Will joined the Kaufman Group after completing his undergraduate studies at Yale University, where he graduated as a physics major. Along the way, he pursued his interests in biophysics, complex mathematical systems, and scientific research that can make a positive difference in people’s lives by studying computational neuroscience with Assistant Professor of Psychiatry and Physics John Murray. In the Murray Lab, Will studied organizing principles for gene expression in human cortex, specifically genes thought to relate to brain function or neuropsychiatric diseases, such as schizophrenia. Will subsequently discovered in an advanced lab course that he enjoyed constructing tabletop AMO physics experiments, and began working with Assistant Professor of Physics Nir Navon on a project aimed at creating a potassium BEC. With Professor Navon, he learned the fundamentals of getting an AMO experiment up and running from just a clear optics table.

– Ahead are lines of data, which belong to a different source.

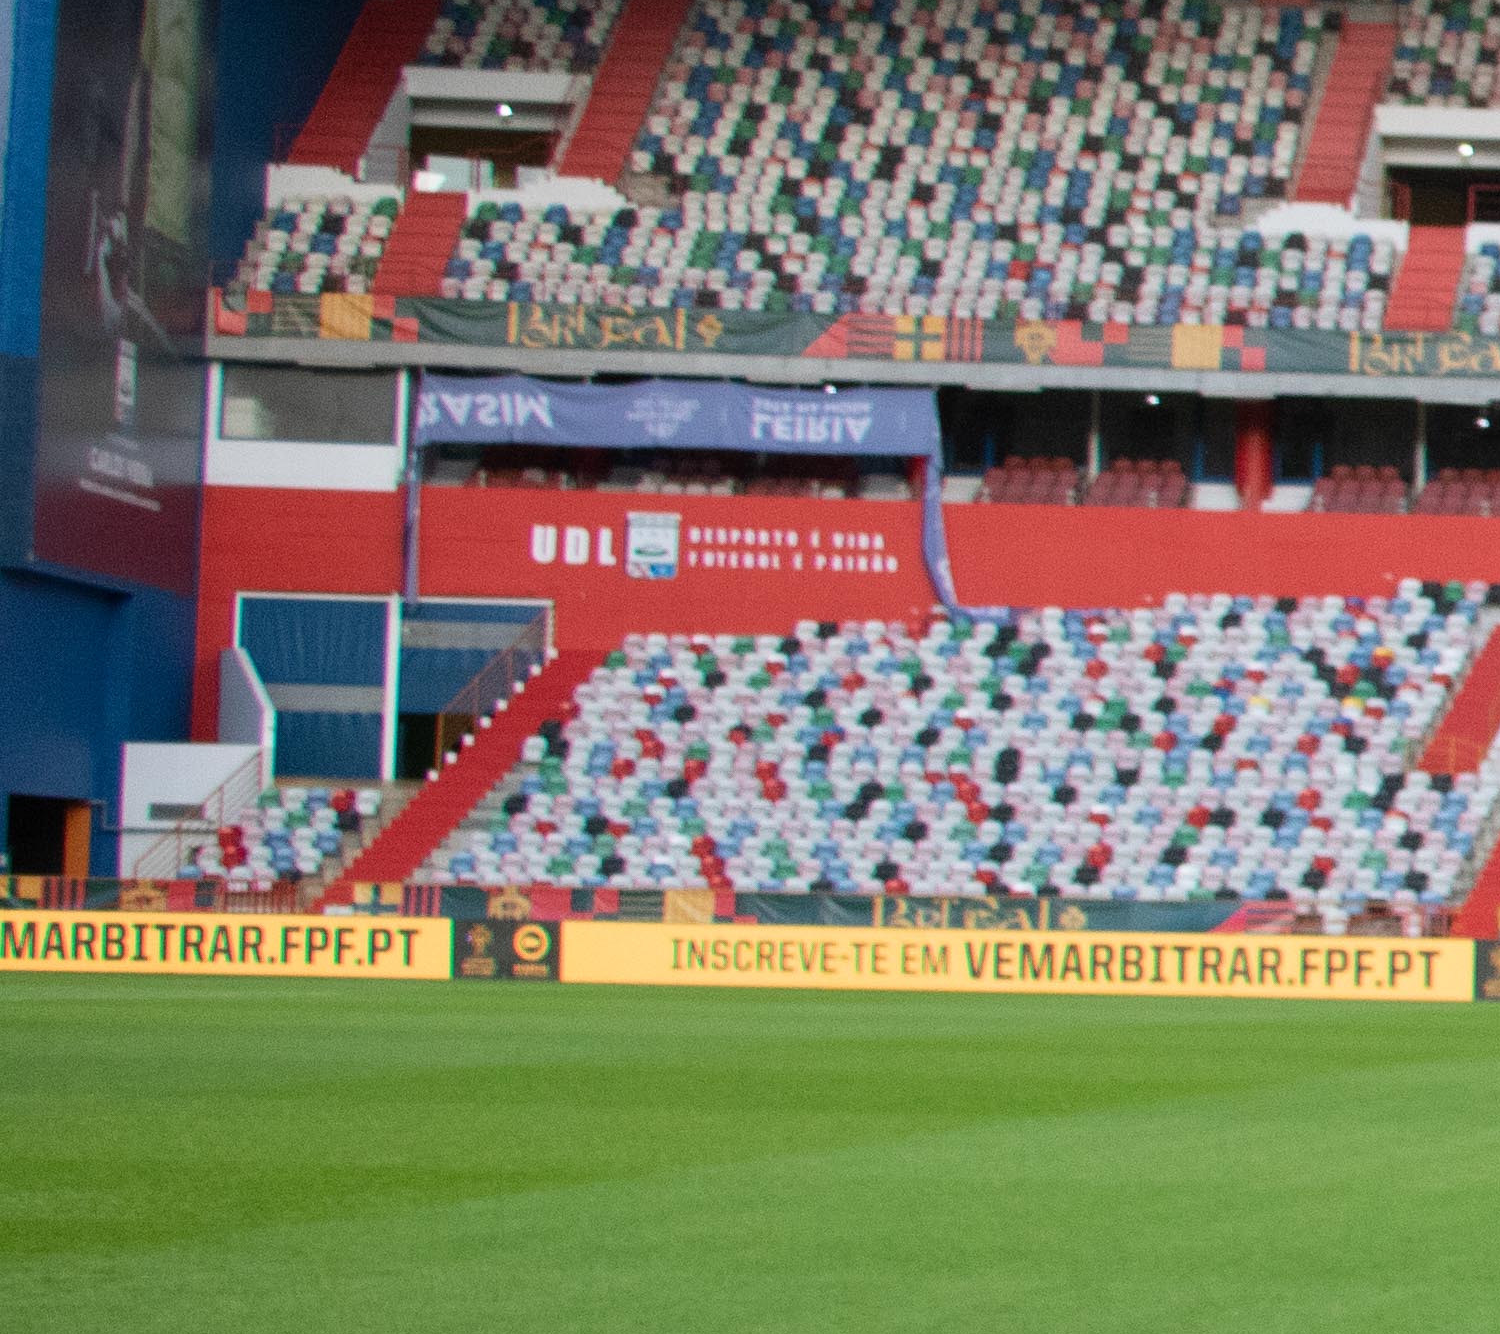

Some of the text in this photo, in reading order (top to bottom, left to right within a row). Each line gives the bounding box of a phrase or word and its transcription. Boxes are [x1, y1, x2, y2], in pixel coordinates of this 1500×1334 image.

[531, 524, 618, 567] UDL
[0, 920, 420, 967] MARBITRAR.FPF.PT
[671, 938, 889, 974] INSCREVE-TE
[901, 944, 949, 975] EM
[966, 941, 1440, 990] VEMARBITRAR.FPF.PT
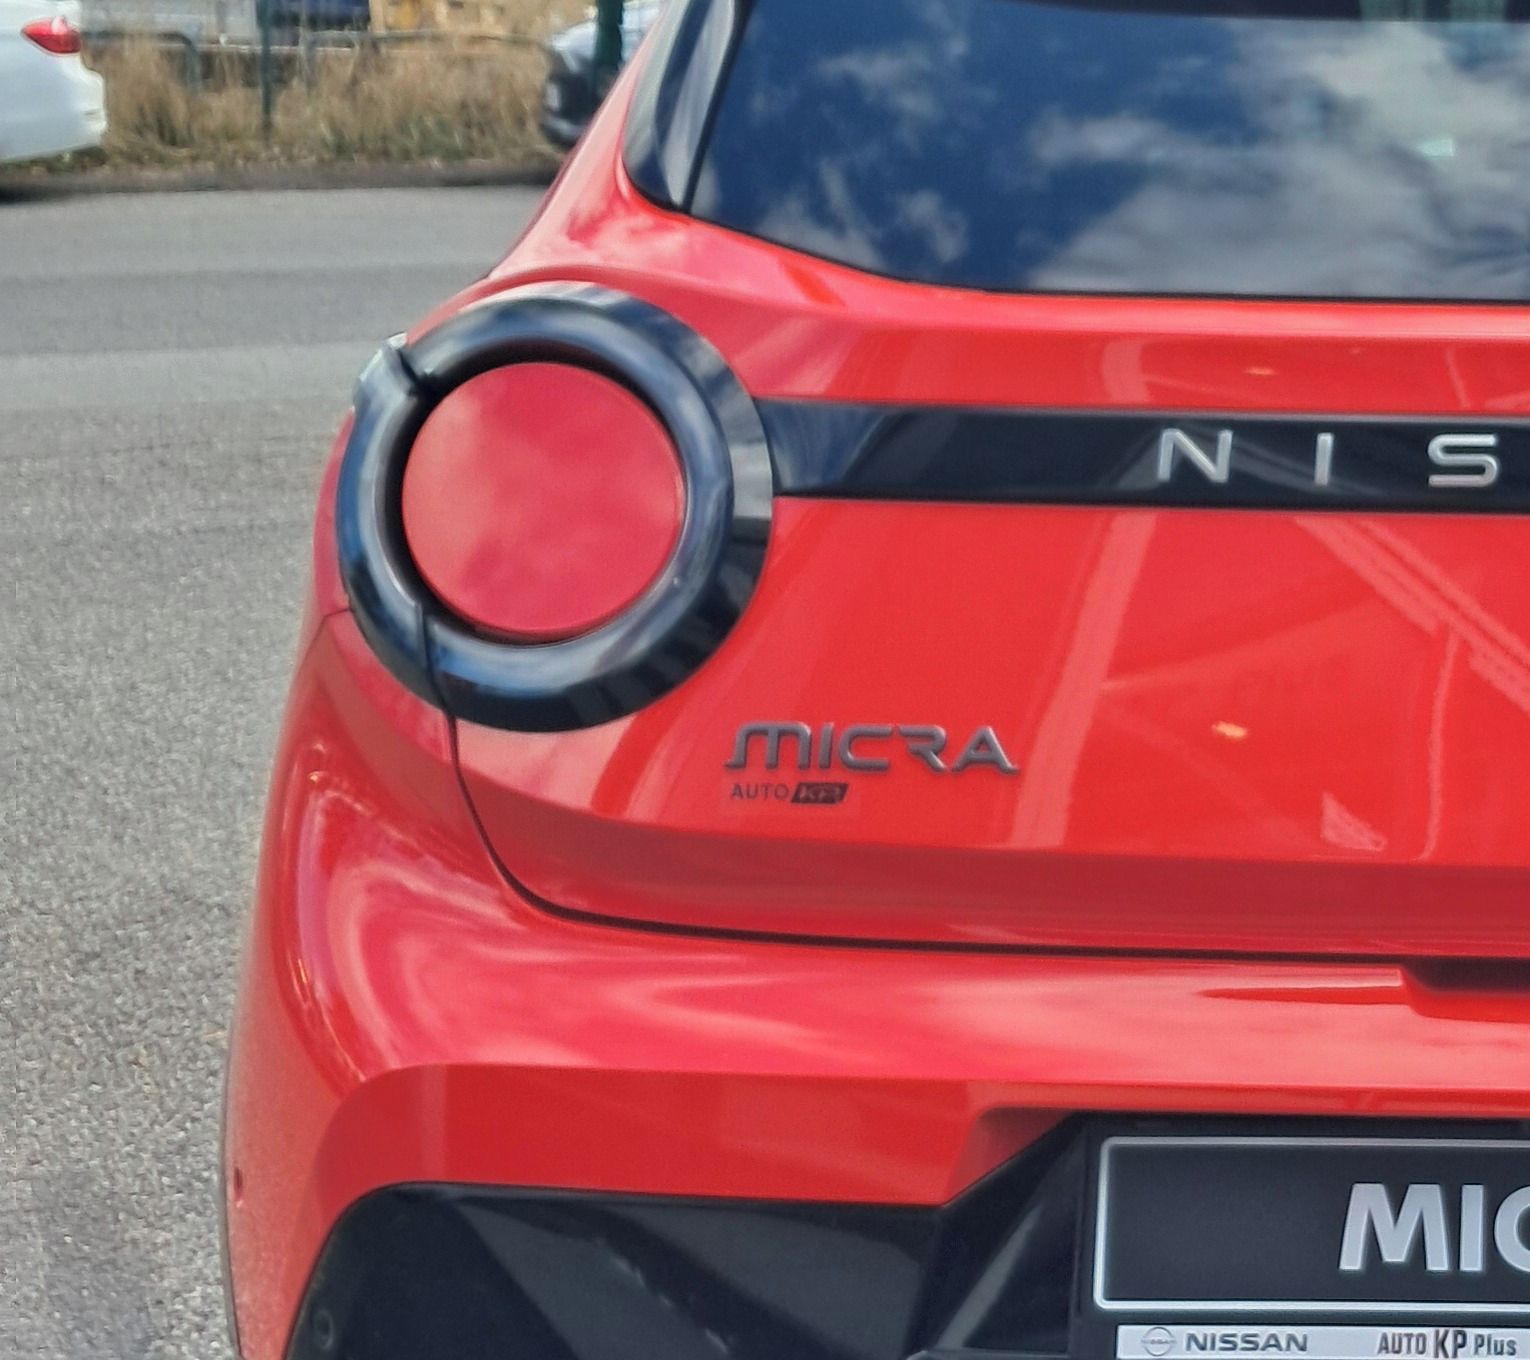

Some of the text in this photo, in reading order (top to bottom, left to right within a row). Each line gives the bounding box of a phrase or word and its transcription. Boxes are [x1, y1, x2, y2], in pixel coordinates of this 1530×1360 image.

[723, 721, 1020, 774] MICRA
[731, 782, 790, 801] AUTO
[1184, 1331, 1309, 1353] NISSAN
[1376, 1331, 1428, 1356] AUTO
[1431, 1328, 1468, 1360] KP
[1473, 1332, 1518, 1357] Plus

Will is excited to be in the Kaufman Group, where he hopes to master the art and science of AMO experiment, and more generally learn as much new physics as possible.

Joanna Lis

Aruku Senoo

Although “Aruku” means “walking” in Japanese, Aruku keeps running to pursue further understanding and harnessing the quantum mechanical world. In this way, he found his passion for Atomic, Molecular, and Optical Physics (AMO) in the Takahashi laboratory at Kyoto University, Japan, where he accumulated AMO and laser experiences. While he visited the University of Washington as an exchange student, he developed a ULE cavity system for the Ytterbium clock transition laser in the Gupta group. After coming back to Kyoto in 2020, he did theoretical research relating to cold atoms. Then, for his senior research, he joined the Ytterbium Quantum Gas Microscope (QGM) group in the Takahashi lab, where he observed site-resolved images of atoms and developed a DMD system for the QGM. For his Ph.D. research in the Kaufman lab, he is excited to pursue the possibility of the Ytterbium tweezer array for the applications of Quantum information and metrology

Ting You Tan

Ting You joined the Regal-Kaufman cryo-lab after completing his undergrad studies at the National University of Singapore. His love for atomic physics developed after spending a year in the group of Professor Christian Kurtsiefer. After learning the ropes of AMO physics experiments, he joined the group of Assistant Professor Travis Nicholson. For his honors project, Ting You helped to build the first Magneto-optical trap of Indium. Ting You will now help to construct a cryogenic Rydberg atom array experiment, exploring new physics with excitement.

Aaron Young

Aaron was once a film major at Wesleyan university, but, after realizing there were far too many photons involved in film, turned his focus to photonics and quantum optics. He worked briefly in the molecular photophysics lab at Wesleyan, studying the dynamics of laser induced breakdown in water, before transferring to Caltech. There, he completed a senior thesis under Professor Oskar Painter titled "Hybrid Electromechanical Qubits as Quantum Memory". This work involved the design of a hybrid quantum device containing a transmon qubit and nano-beam mechanical resonator that aimed to coherently transfer the state of the qubit to the long-lived phononic modes of the mechanical resonator. Working with individual qubits left Aaron excited by the prospect of coherent control over many-body quantum systems, particularly in the contexts of quantum simulation and the study of novel topological phases of matter. As a result, Aaron joined the Kaufman group as a graduate student, helping to build a new experiment that controls and reads out systems of many alkaline-earth atoms by combining the techniques of optical tweezers, precision spectroscopy, and quantum gas microscopy.